KromaTiD Announces Launch of dGH SCREEN™ for Unbiased Whole Genome Analysis of Chromosomal Structural Rearrangements

Longmont, CO September 2, 2021 – KromaTiD is pleased to announce the launch of dGH Screen™, their new service for mapping the human genome in single cells.  dGH SCREEN™ is built upon KromaTiD’s proprietary directional Genomic Hybridization technology, a platform for measuring genomic structure and structural variation.  Using dGH Screen, researchers worldwide can now visualize the structure of the human genome and discover structural variation in a completely de novo fashion at the unprecedented resolution of 5Kb.

KromaTiD has already partnered with researchers at NIST, UTMB, CSU and the University of Connecticut to use dGH Screen™ for preliminary studies analyzing genomic structural variation in a variety of contexts including rare disease, radiation exposure, and CRISPR Cas-9 genome editing.

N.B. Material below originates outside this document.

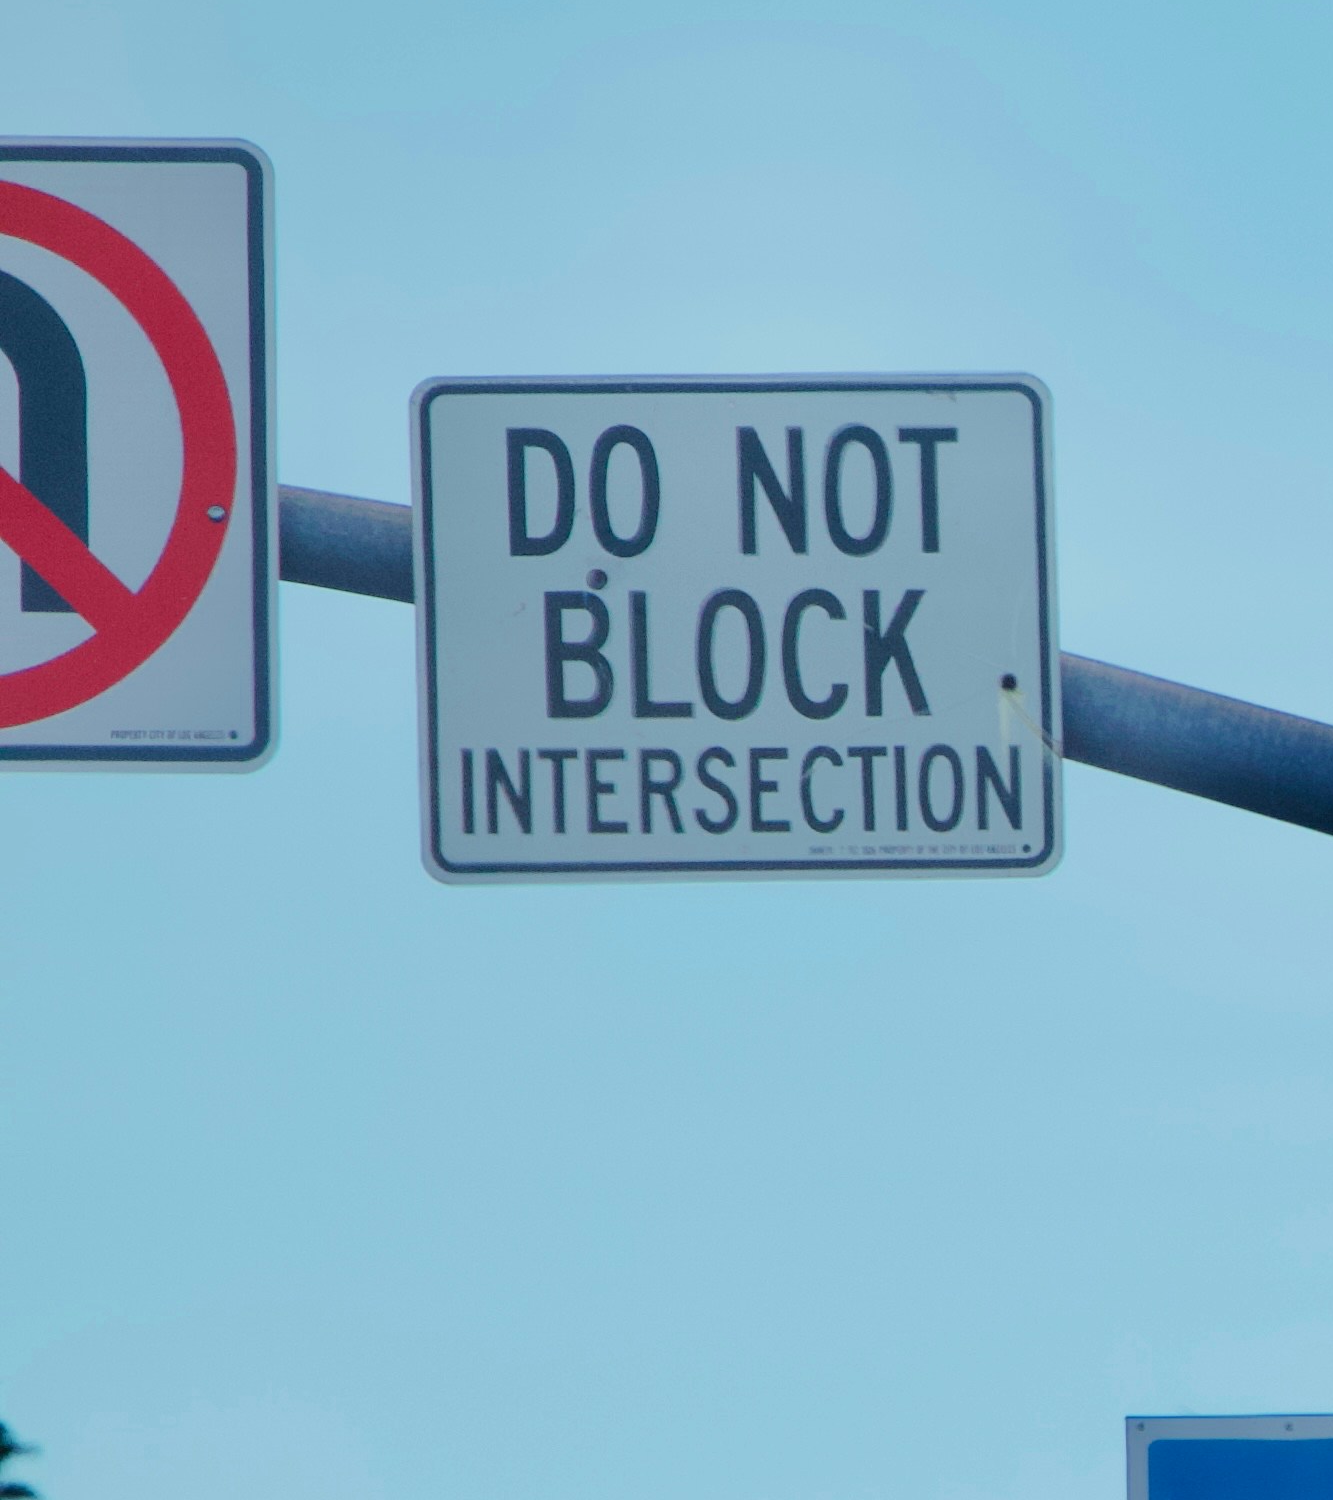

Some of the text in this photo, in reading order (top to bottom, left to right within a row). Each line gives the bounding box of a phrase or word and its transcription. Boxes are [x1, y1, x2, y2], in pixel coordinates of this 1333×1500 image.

[505, 424, 958, 558] DO NOT
[544, 589, 931, 721] BLOCK
[461, 744, 1023, 836] INTERSECTION

“Researchers who rely only on next generation sequencing (NGS) only to discover or detect variation often miss important structural rearrangements to the genome.”  Says Dr. Christopher Tompkins, KromaTiD’s Chief Technology Officer.   “dGH Screen provides “the genomic ground truth”, a direct, definitive measurement of structural variation that does not employ bioinformatic methods to recalculate structure from pooled, digested DNA – methods that can often lead to false negative and false positive results for structural variation.”

Erin Cross, KromaTiD’s Director of Whole Genome Development and leading the research efforts for dGH Screen™, stated, “As an inherently whole genome, single cell method, dGH Screen™ doesn’t just measure consistent structural variation.  We provide our partners with a cell-by-cell profile of the heterogenous variation that arises when you edit cells with CRISPR Cas-9.”  She continued, “frequently this structural variation cannot be measured by NGS and so can represents a hidden risk of the editing process”

Dr. Susan Bailey a NASA researcher and member of the Colorado Cancer Center is a professor at Colorado State University and a founder of KromaTiD.  According to Dr. Bailey, “We founded KromaTiD to bring dGH Screen™ to the world.  No other method can measure structural variation with the accuracy and resolution of dGH Screen™ and no other method can provide the data I need for my work with NASA.”

dGH Screen™ is available now from KromaTiD for researcher’s developing therapies based on CRISPR-Cas9 and other gene editing systems; screening patients for the root causes of rare diseases or hematological cancers, and for qualifying the products of cellular engineering.

For further information and to learn more, please see us at www.kromatid.com or contact Henry Sebesta at 303-525-2375 or via email at hsebesta@kromatid.com.

About KromaTiD, Inc.

KromaTiD is transforming the fields of genome engineering through the discovery and characterization of genomic structural changes that help leading gene editing and pharmaceutical companies advance therapies to market. KromaTiD offers a powerful suite of products and services for studying genomic rearrangements, custom assay development services and preclinical research support in the Company’s research and GLP laboratory operations. KromaTiD’s proprietary Pinpoint FISH™ and directional Genomic Hybridization platforms (dGHTM) have applications throughout genomics, providing direct, definitive data on structural variations that no other technologies can provide.  We provide the essential genomic structural context to sequence.